> **TASK DETAILS**: In the entries below, find the line containing "Some of the text", then copy it and every later line exactly, ending with the last line.
*** LISTED ENTRIES ***
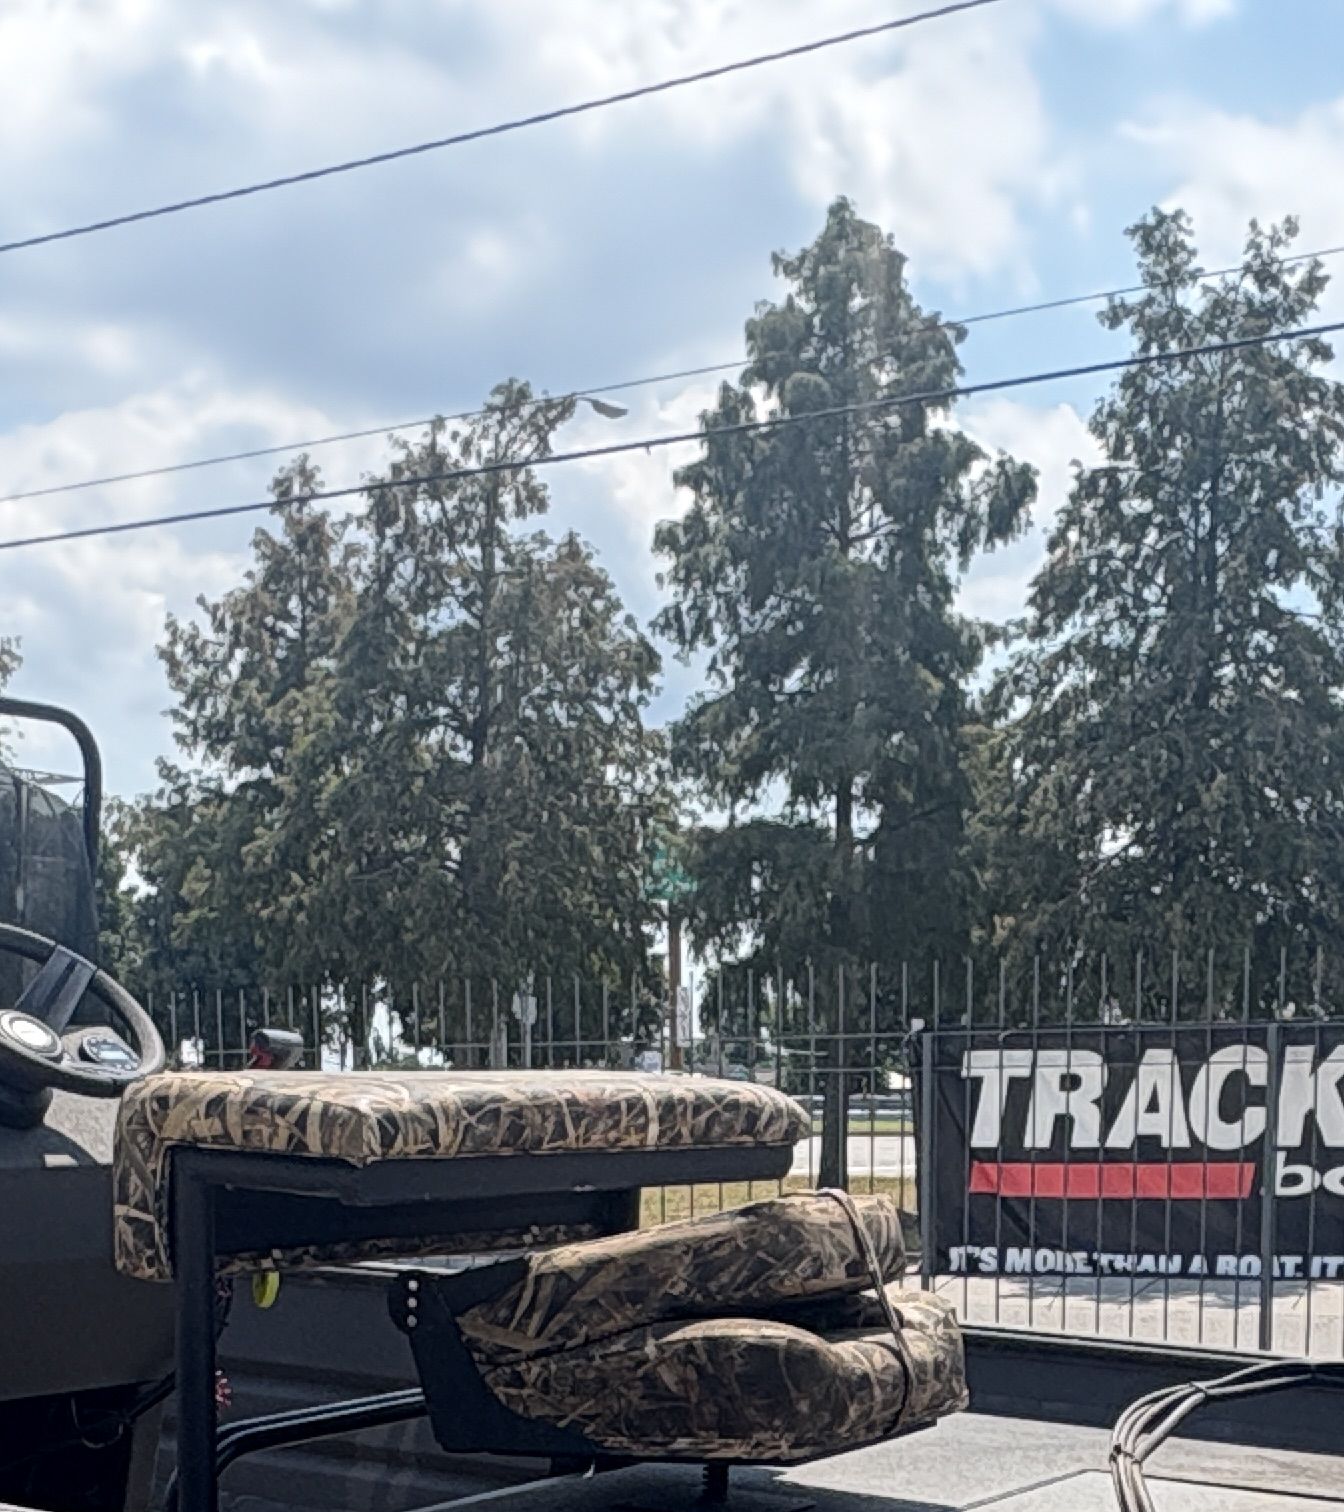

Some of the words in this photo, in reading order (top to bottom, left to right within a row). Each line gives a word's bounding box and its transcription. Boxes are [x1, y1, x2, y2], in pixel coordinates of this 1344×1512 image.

[948, 1245, 998, 1272] IT'S
[1005, 1247, 1094, 1273] MORE
[1095, 1252, 1182, 1273] THAN
[1187, 1254, 1208, 1274] A
[1217, 1254, 1304, 1278] BOT.
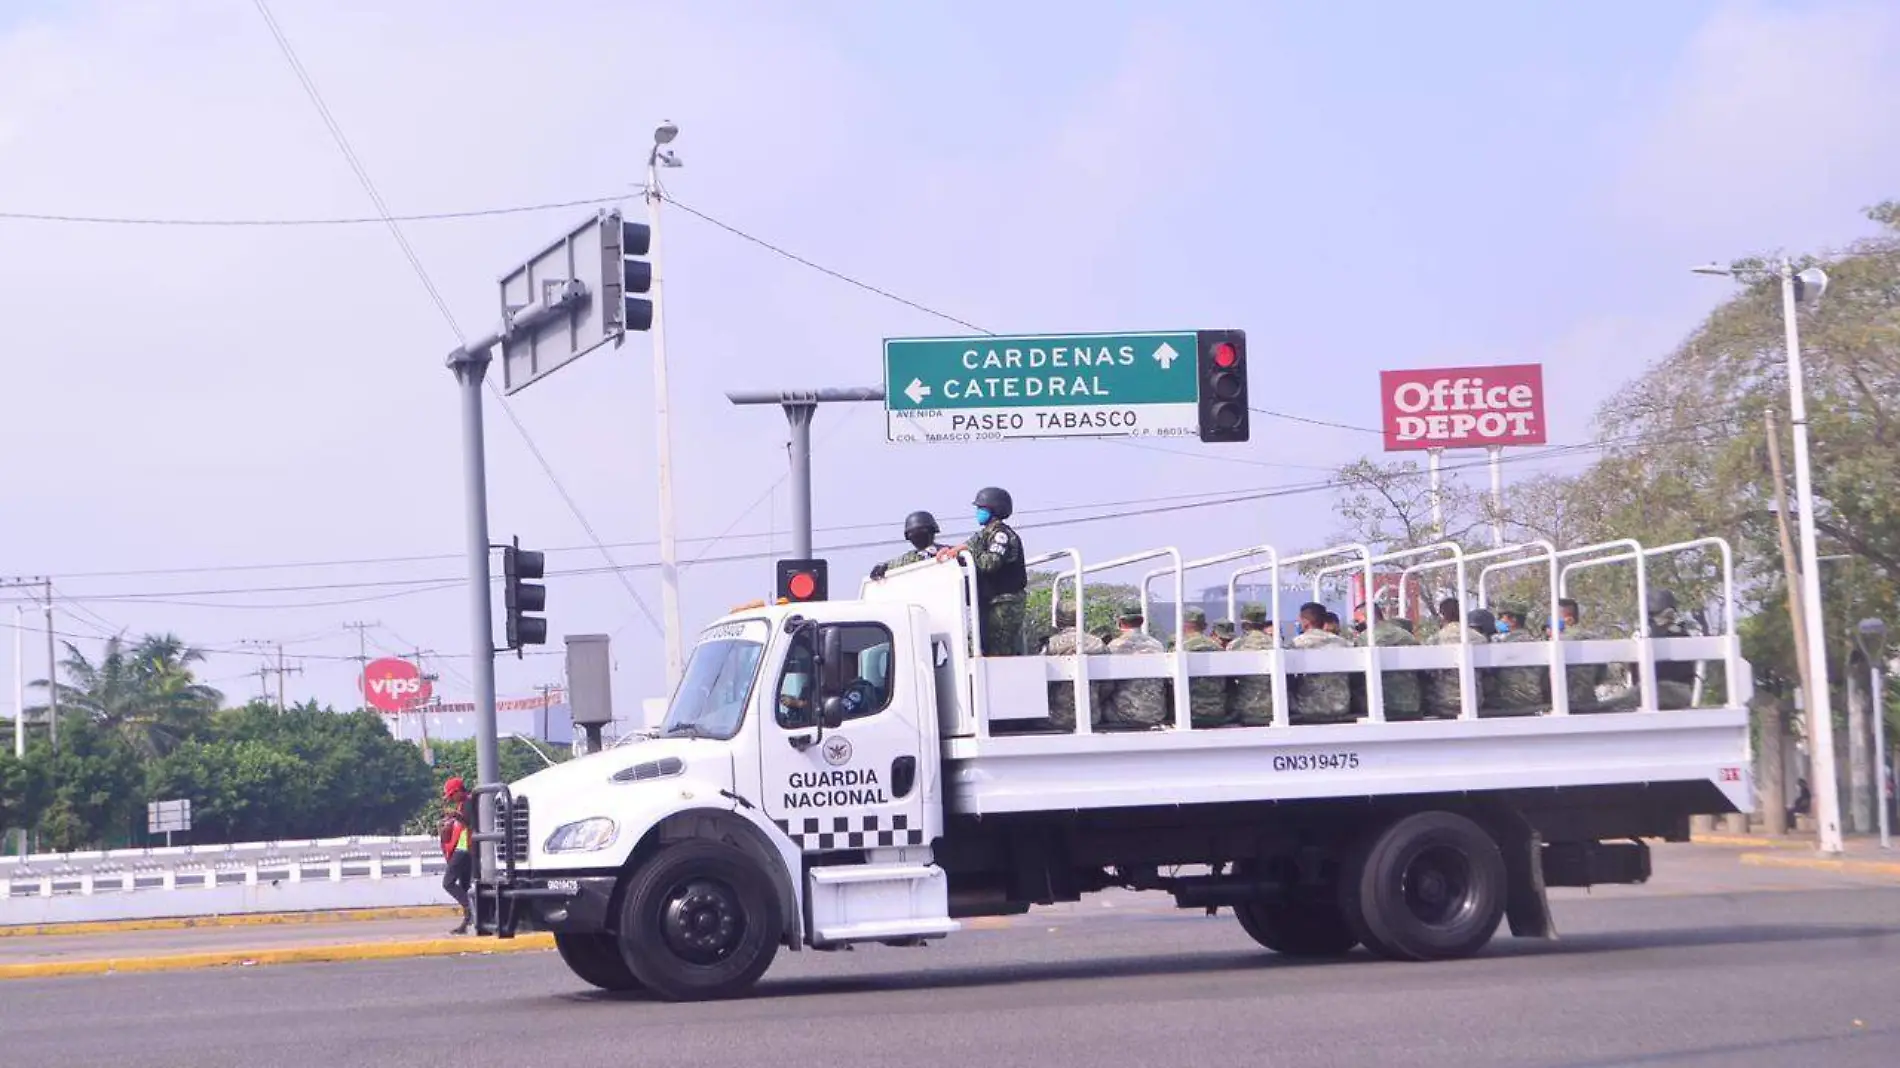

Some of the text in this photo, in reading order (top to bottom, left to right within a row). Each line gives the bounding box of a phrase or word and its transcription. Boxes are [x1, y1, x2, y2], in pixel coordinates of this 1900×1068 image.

[962, 346, 1135, 370] CARDENAS
[943, 377, 1109, 399] CATEDRAL
[1393, 378, 1533, 413] Office
[896, 410, 943, 418] AVENIDA
[952, 411, 1136, 430] PASEO TABASCO
[926, 433, 970, 441] TABASCO
[976, 432, 1002, 440] 2000
[368, 673, 420, 700] vips
[1273, 753, 1359, 771] GN319475
[789, 769, 878, 788] GUARDIA
[784, 789, 888, 809] NACIONAL
***
> **SOLUTION**:
Some of the text in this photo, in reading order (top to bottom, left to right within a row). Each line gives the bounding box of a phrase or word and its transcription. Boxes are [x1, y1, x2, y2], in pixel coordinates of this 1900×1068 image.

[962, 346, 1135, 370] CARDENAS
[943, 377, 1109, 399] CATEDRAL
[1393, 378, 1533, 413] Office
[896, 410, 943, 418] AVENIDA
[952, 411, 1136, 430] PASEO TABASCO
[926, 433, 970, 441] TABASCO
[976, 432, 1002, 440] 2000
[368, 673, 420, 700] vips
[1273, 753, 1359, 771] GN319475
[789, 769, 878, 788] GUARDIA
[784, 789, 888, 809] NACIONAL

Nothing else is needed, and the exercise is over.